----- DATA FOR THE TASK

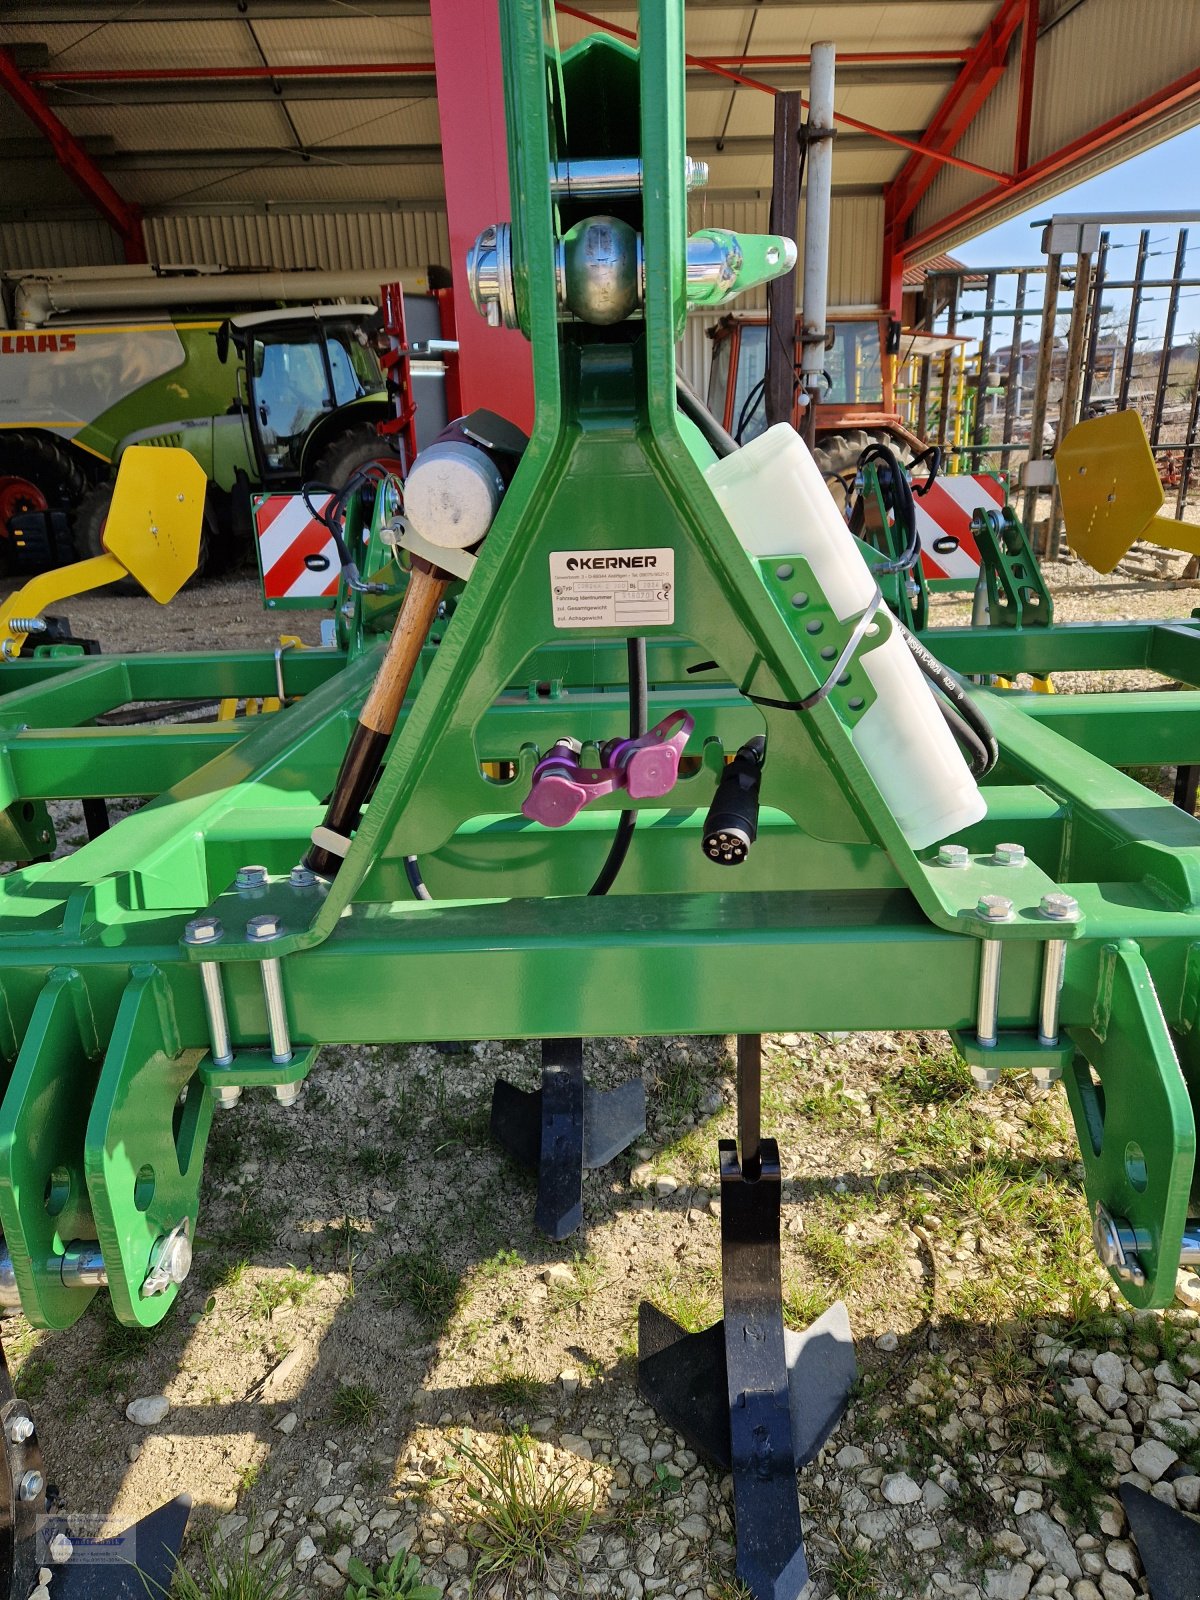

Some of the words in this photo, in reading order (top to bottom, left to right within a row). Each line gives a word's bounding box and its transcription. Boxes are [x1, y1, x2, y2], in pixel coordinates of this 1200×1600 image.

[0, 334, 76, 353] LAAS
[580, 556, 657, 570] KERNER
[907, 637, 922, 657] MSHA
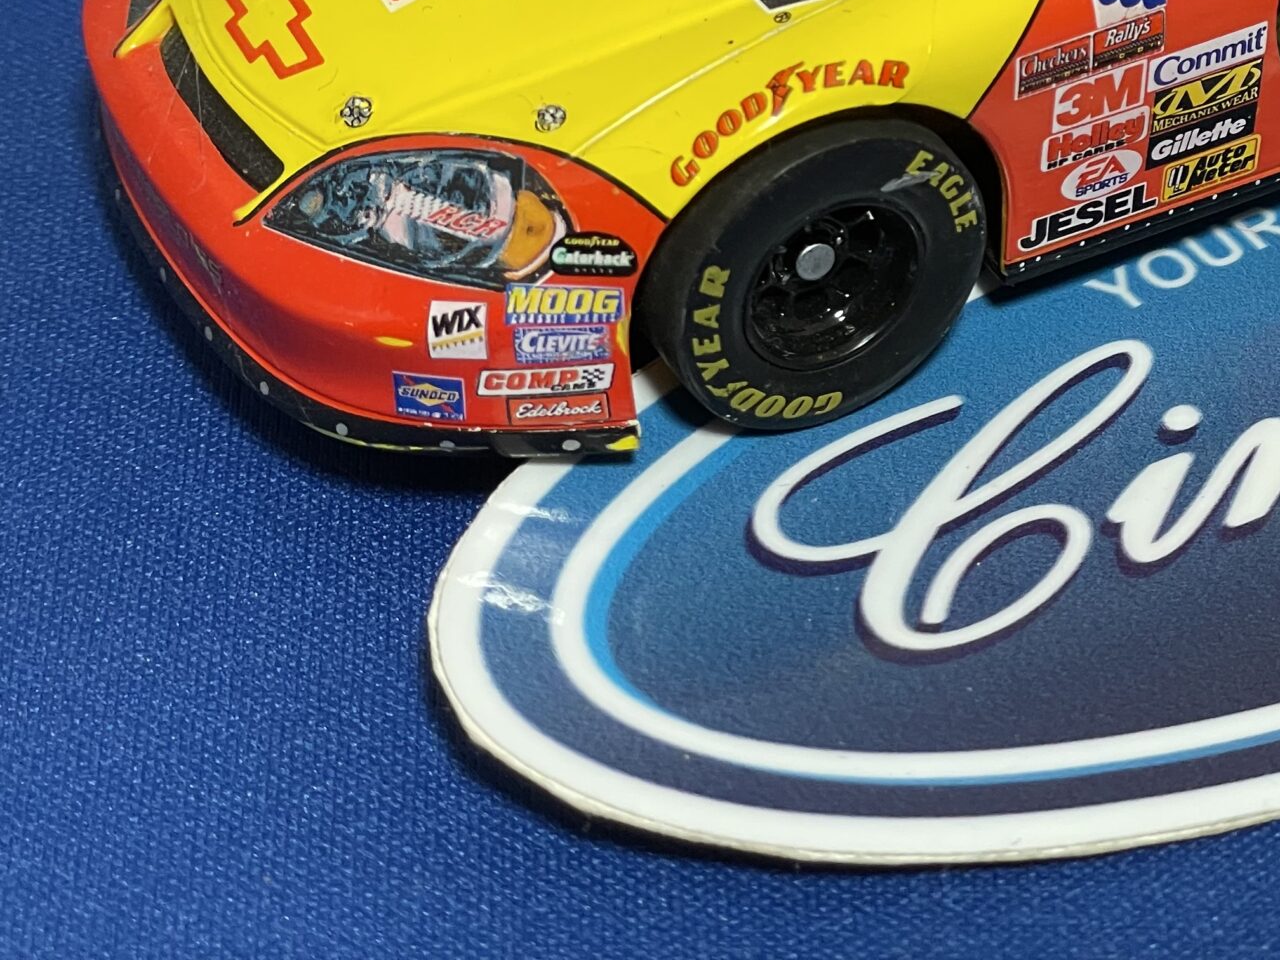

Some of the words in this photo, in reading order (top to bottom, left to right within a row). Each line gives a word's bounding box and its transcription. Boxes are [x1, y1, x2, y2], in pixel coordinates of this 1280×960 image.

[1105, 18, 1151, 48] Rally's
[1021, 46, 1087, 78] Checkers
[1154, 26, 1266, 86] Commit
[1056, 63, 1145, 127] 3M
[1153, 104, 1219, 133] MECHANIX
[1221, 86, 1258, 110] WEAR
[670, 59, 910, 187] GOODYEAR
[1047, 112, 1145, 161] Holley
[1151, 118, 1246, 161] Gillette
[1076, 154, 1126, 187] EA
[1197, 144, 1248, 169] Auto
[905, 150, 978, 233] EAGLE
[1076, 173, 1130, 197] SPORTS
[1020, 184, 1157, 249] JESEL
[510, 287, 619, 315] MOOG
[432, 305, 482, 338] WIX
[521, 332, 602, 355] CLEVITE
[692, 265, 844, 420] GOODYEAR
[399, 384, 460, 403] SUNOCO
[483, 368, 580, 391] COMP
[516, 401, 602, 421] Edelbrock
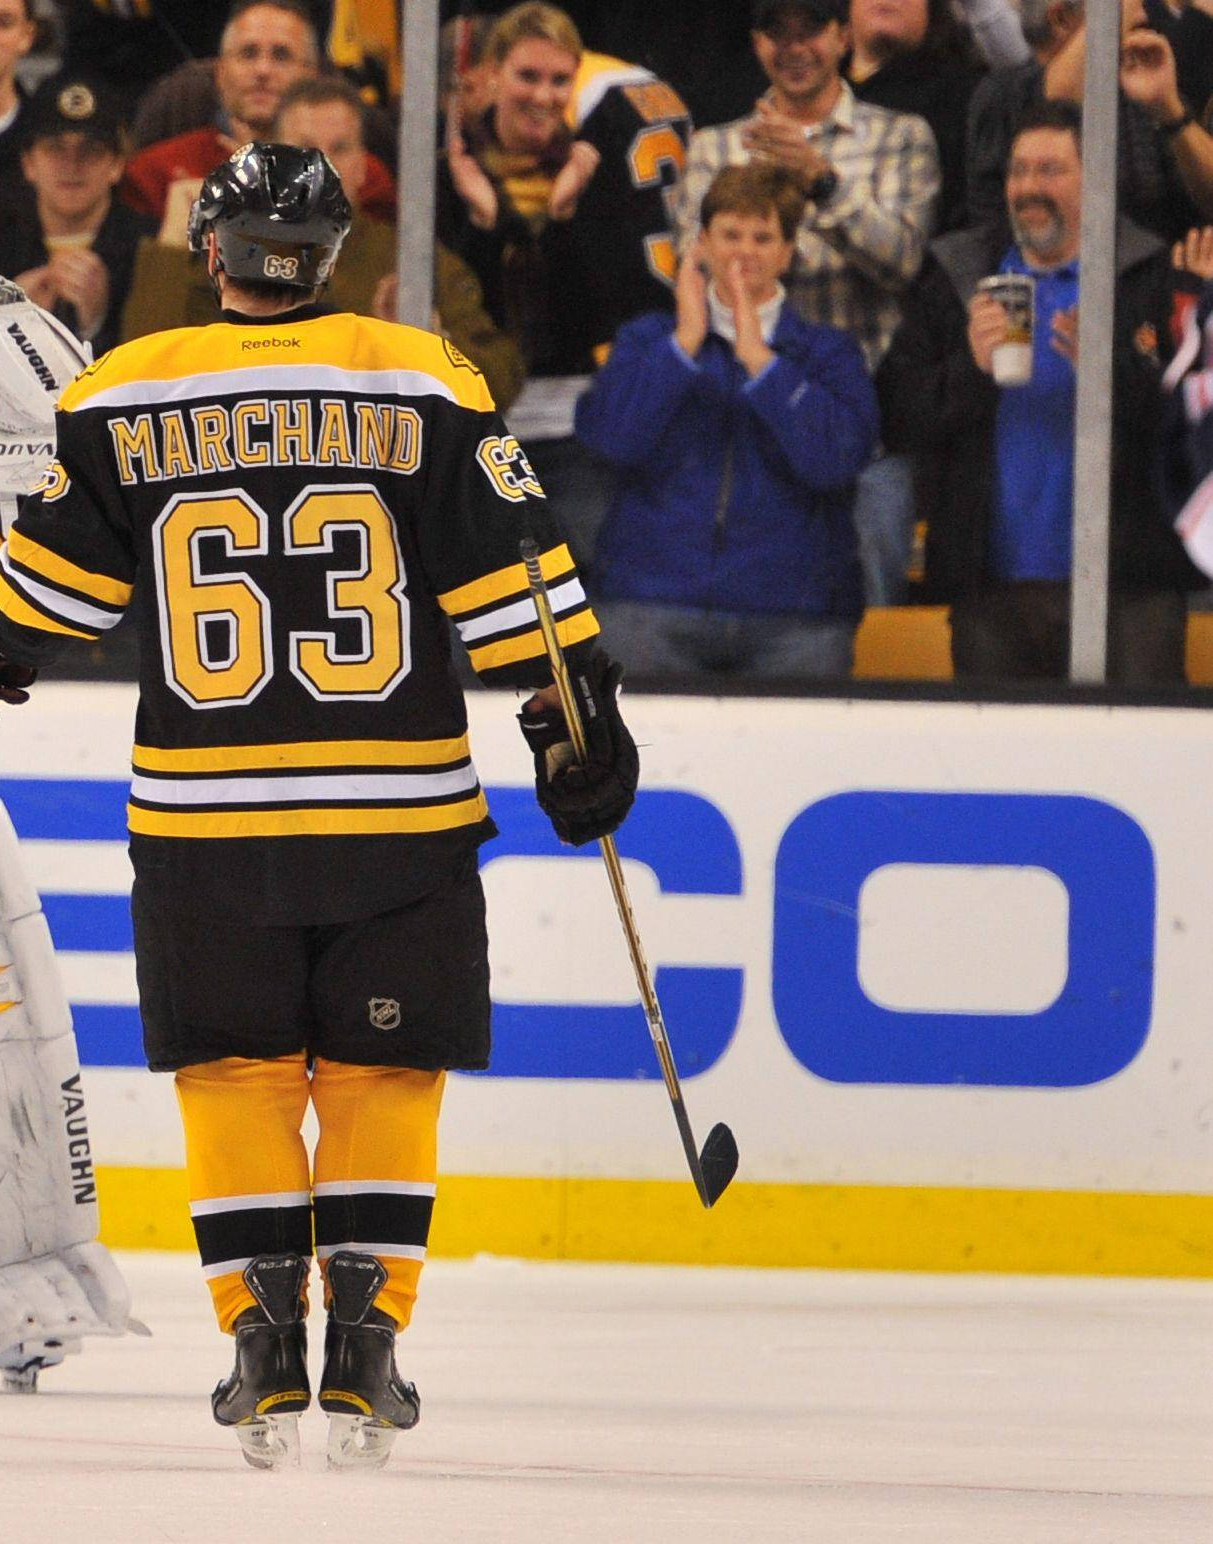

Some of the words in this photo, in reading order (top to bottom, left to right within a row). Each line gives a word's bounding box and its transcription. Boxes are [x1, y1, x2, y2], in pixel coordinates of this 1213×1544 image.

[263, 254, 299, 279] 63
[6, 322, 60, 392] VAUGHN
[241, 336, 301, 352] Reebok
[107, 398, 424, 486] MARCHAND
[151, 482, 413, 710] 63
[60, 1073, 97, 1205] VAUGHN

----------

__GOAL OF THE EXERCISE__. Transcribe every record above exactly as written, leaving out any pictures.

__EXERCISE OUTPUT__.
Some of the words in this photo, in reading order (top to bottom, left to right within a row). Each line gives a word's bounding box and its transcription. Boxes are [x1, y1, x2, y2], in pixel coordinates of this 1200×1600 image.

[0, 334, 76, 353] LAAS
[580, 556, 657, 570] KERNER
[907, 637, 922, 657] MSHA

Some of the words in this photo, in reading order (top to bottom, left to right within a row). Each line gives a word's bounding box and its transcription. Boxes are [x1, y1, x2, y2], in pixel coordinates of this 1280×960 image.

[1105, 18, 1151, 48] Rally's
[1021, 46, 1087, 78] Checkers
[1154, 26, 1266, 86] Commit
[1056, 63, 1145, 127] 3M
[1153, 104, 1219, 133] MECHANIX
[1221, 86, 1258, 110] WEAR
[670, 59, 910, 187] GOODYEAR
[1047, 112, 1145, 161] Holley
[1151, 118, 1246, 161] Gillette
[1076, 154, 1126, 187] EA
[1197, 144, 1248, 169] Auto
[905, 150, 978, 233] EAGLE
[1076, 173, 1130, 197] SPORTS
[1020, 184, 1157, 249] JESEL
[510, 287, 619, 315] MOOG
[432, 305, 482, 338] WIX
[521, 332, 602, 355] CLEVITE
[692, 265, 844, 420] GOODYEAR
[399, 384, 460, 403] SUNOCO
[483, 368, 580, 391] COMP
[516, 401, 602, 421] Edelbrock

Some of the words in this photo, in reading order (top to bottom, left to right within a row). Each line gives a word's bounding box and its transcription. Boxes are [x1, y1, x2, y2], in pixel coordinates of this 1213×1544 image.

[263, 254, 299, 279] 63
[6, 322, 60, 392] VAUGHN
[241, 336, 301, 352] Reebok
[107, 398, 424, 486] MARCHAND
[151, 482, 413, 710] 63
[60, 1073, 97, 1205] VAUGHN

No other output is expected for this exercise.